# [Your task]
Go through the data below and repeat it exactly, skipping each picture.
● ● ● ●
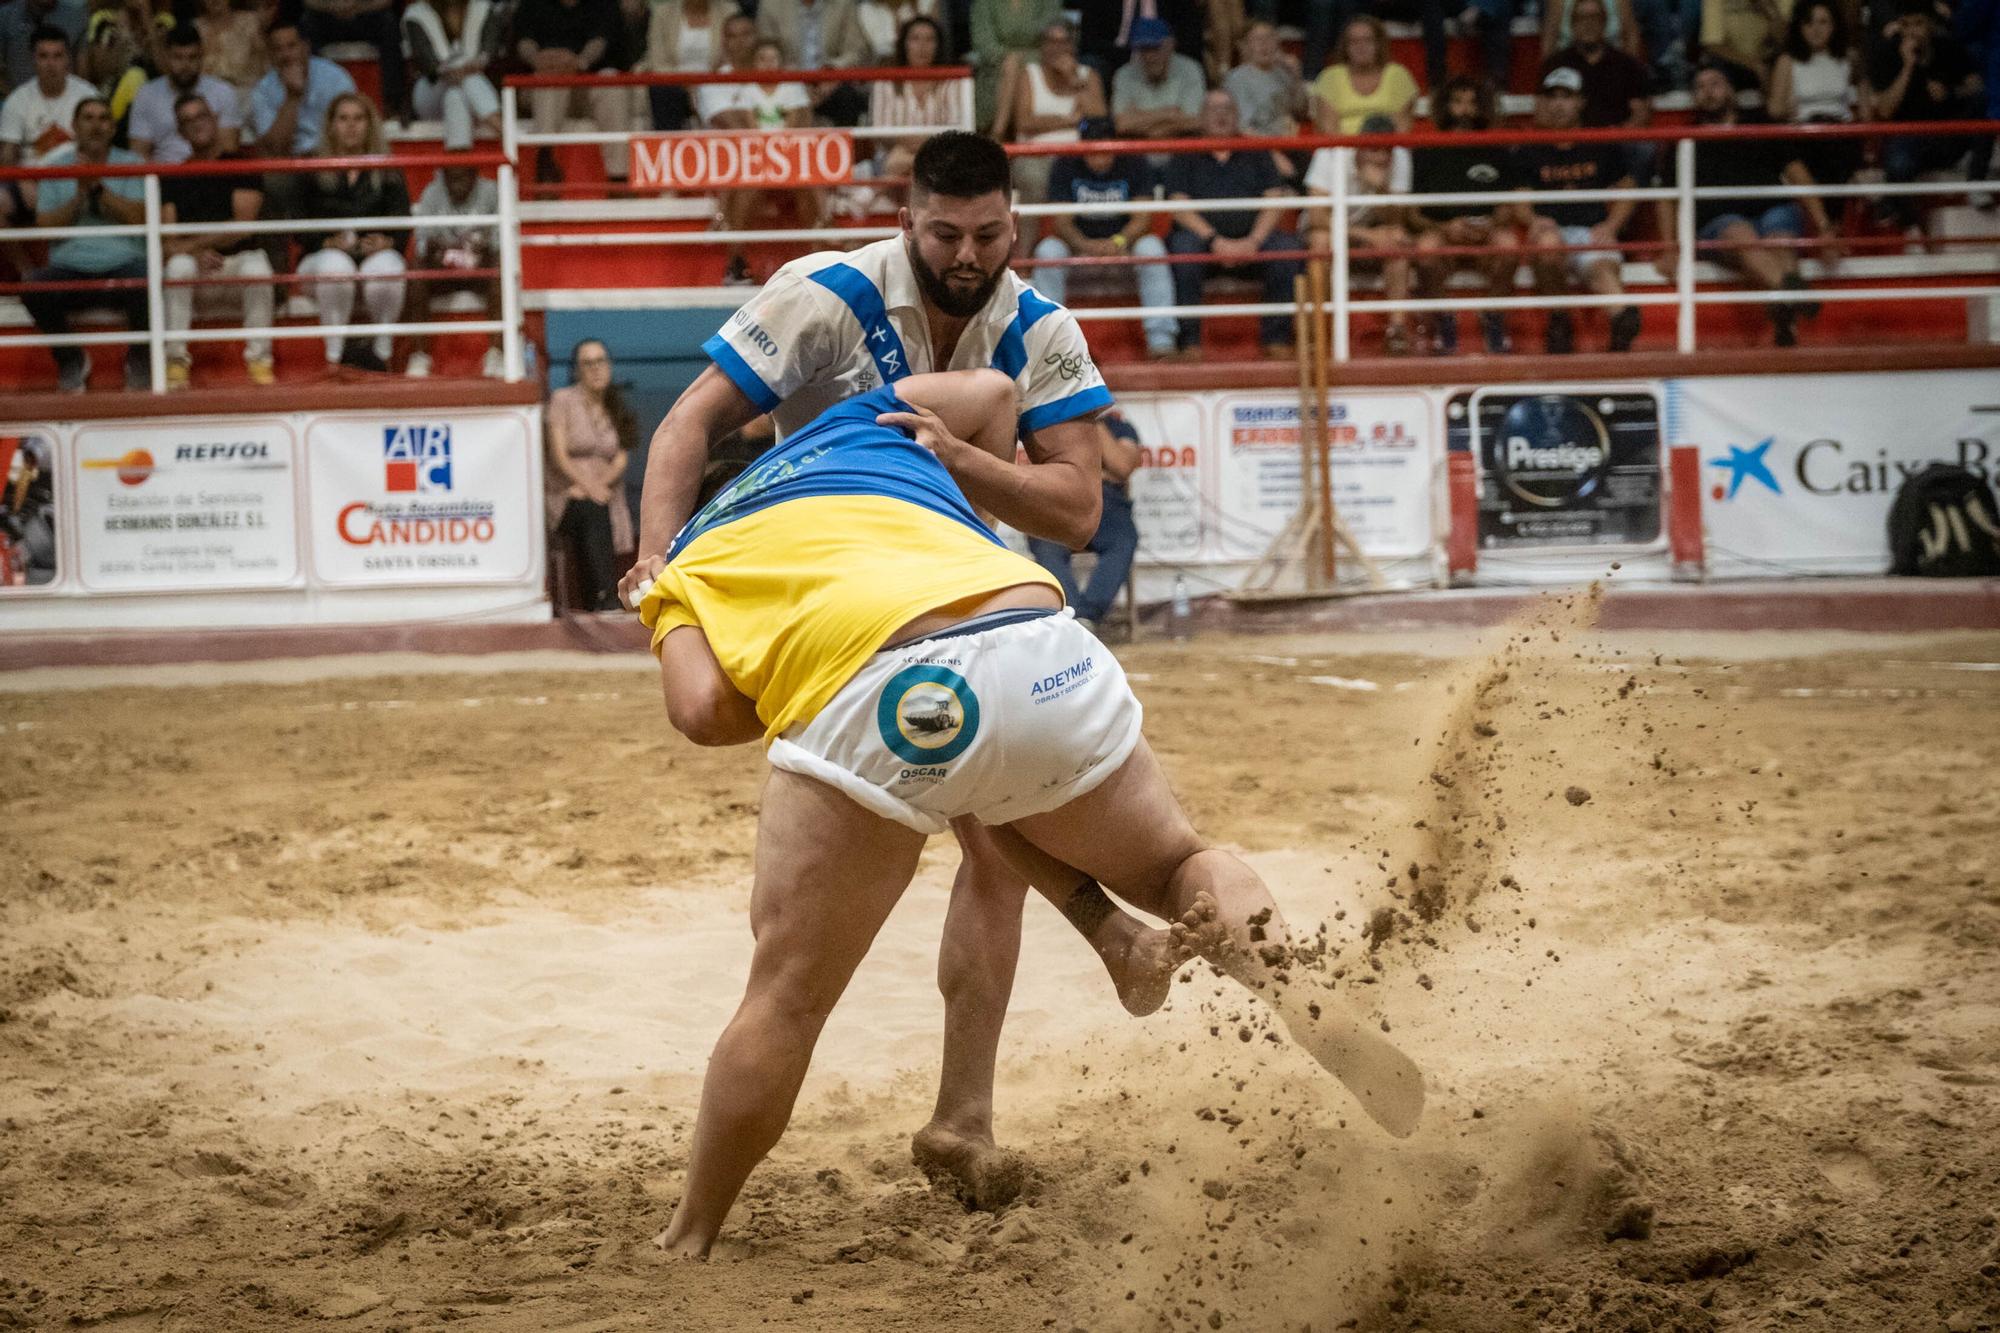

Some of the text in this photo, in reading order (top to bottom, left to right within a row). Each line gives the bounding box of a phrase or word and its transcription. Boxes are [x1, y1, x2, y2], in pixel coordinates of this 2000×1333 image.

[634, 133, 850, 187] MODESTO
[175, 442, 270, 460] REPSOL
[1507, 435, 1602, 474] Prestige
[336, 501, 495, 545] CANDIDO
[1030, 656, 1093, 697] ADEYMAR
[900, 767, 948, 779] OSCAR
● ● ● ●
# [Output for this task]
Some of the text in this photo, in reading order (top to bottom, left to right within a row). Each line gives the bounding box of a phrase or word and its transcription. Boxes are [x1, y1, x2, y2], in pixel coordinates of this 2000×1333 image.

[634, 133, 850, 187] MODESTO
[175, 442, 270, 460] REPSOL
[1507, 435, 1602, 474] Prestige
[336, 501, 495, 545] CANDIDO
[1030, 656, 1093, 697] ADEYMAR
[900, 767, 948, 779] OSCAR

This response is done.